Exercise materials:

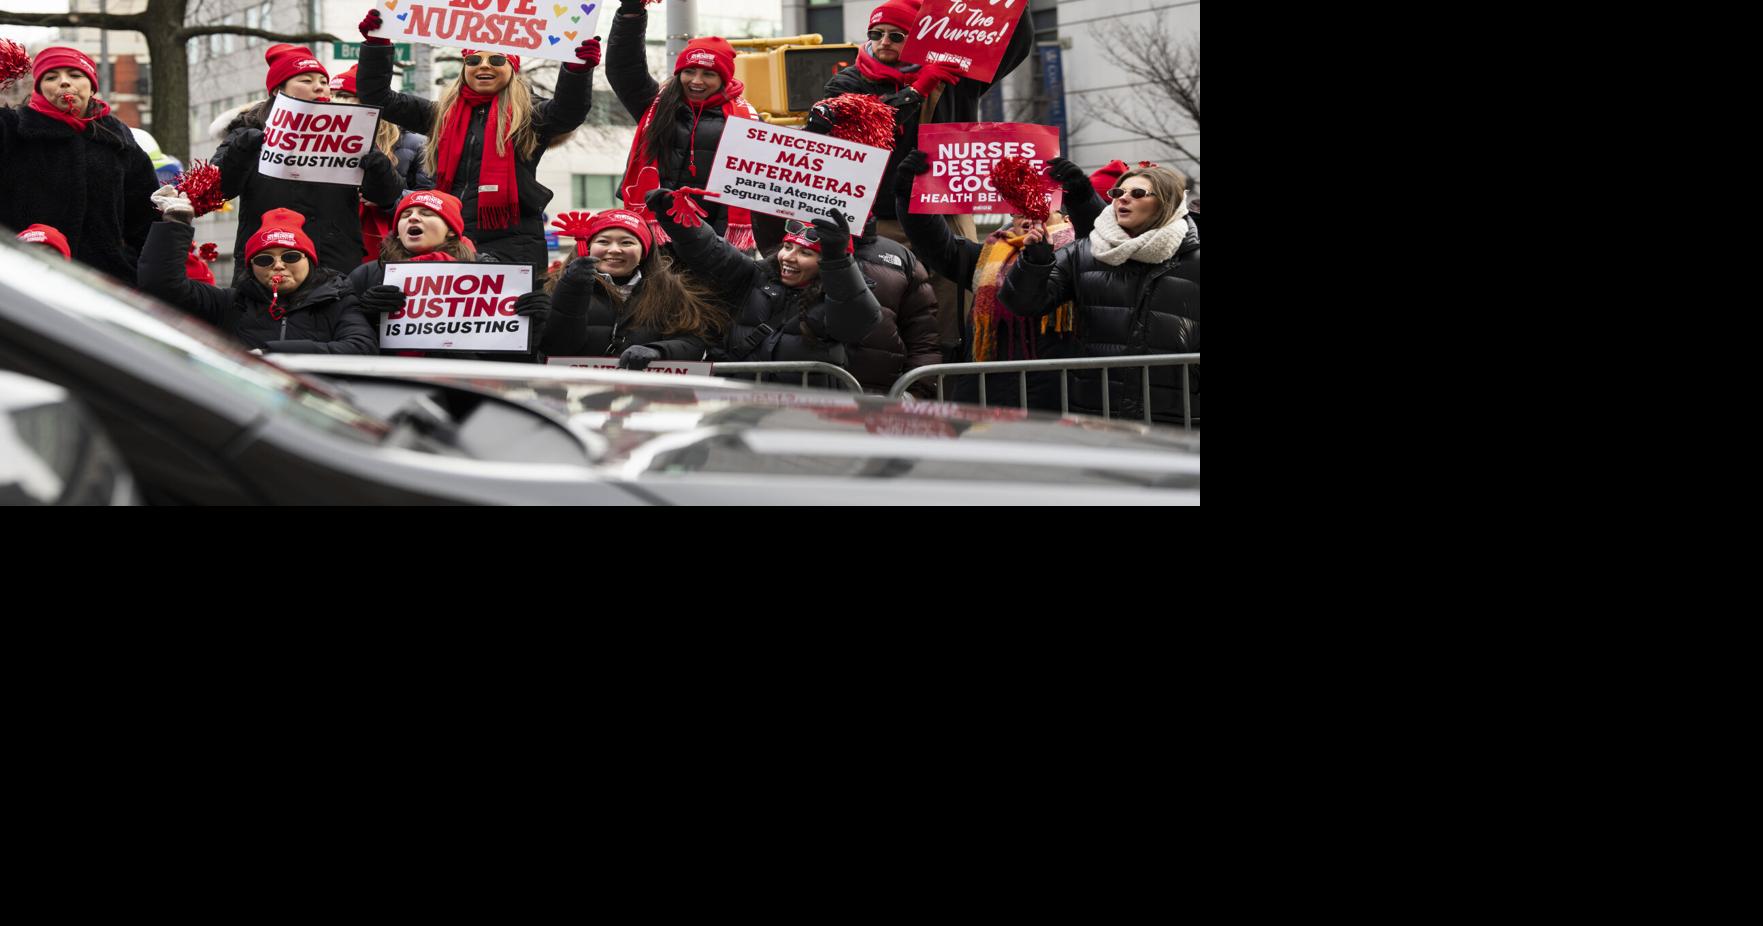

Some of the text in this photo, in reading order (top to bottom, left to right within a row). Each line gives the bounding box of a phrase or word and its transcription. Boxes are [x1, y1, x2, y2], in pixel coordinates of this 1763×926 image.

[403, 4, 547, 50] NURSES
[965, 8, 994, 27] The
[916, 15, 1010, 45] Nurses!
[272, 108, 353, 133] UNION
[747, 128, 867, 163] SE NECESITAN
[938, 142, 1036, 159] NURSES
[261, 150, 357, 169] DISGUSTING
[775, 151, 824, 172] MÁS
[725, 156, 866, 199] ENFERMERAS
[723, 185, 770, 204] Segura
[773, 196, 795, 209] del
[798, 201, 855, 222] Paciete
[735, 177, 847, 208] para la Atención
[920, 193, 972, 203] HEALTH
[403, 274, 505, 297] UNION
[385, 320, 519, 336] IS DISGUSTING
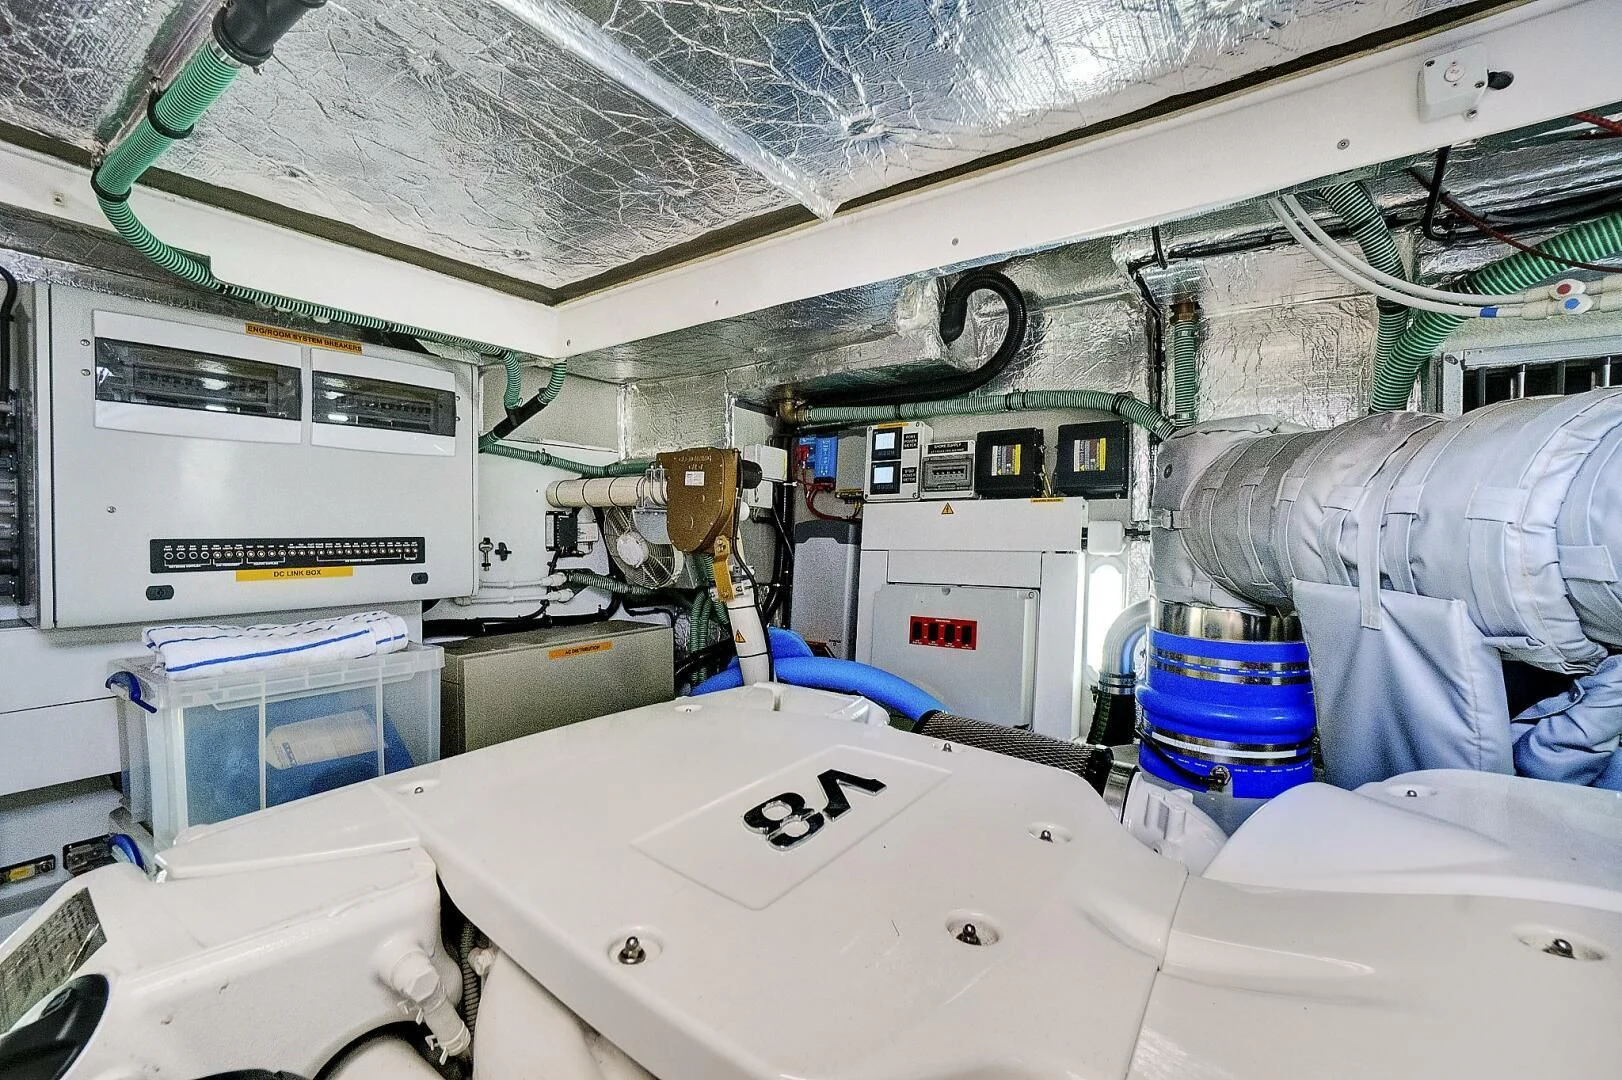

Task statement: Restate all entries exactly; pictures stay out.

Answer space:
Some of the text in this photo, in reading order (top to bottom, left to right within a row). Each line gives the bounding box of a phrase or word and its transcription. Boxes are [x1, y1, x2, y2], in pixel coordinates of this 1763×926 image.

[403, 4, 547, 50] NURSES
[965, 8, 994, 27] The
[916, 15, 1010, 45] Nurses!
[272, 108, 353, 133] UNION
[747, 128, 867, 163] SE NECESITAN
[938, 142, 1036, 159] NURSES
[261, 150, 357, 169] DISGUSTING
[775, 151, 824, 172] MÁS
[725, 156, 866, 199] ENFERMERAS
[723, 185, 770, 204] Segura
[773, 196, 795, 209] del
[798, 201, 855, 222] Paciete
[735, 177, 847, 208] para la Atención
[920, 193, 972, 203] HEALTH
[403, 274, 505, 297] UNION
[385, 320, 519, 336] IS DISGUSTING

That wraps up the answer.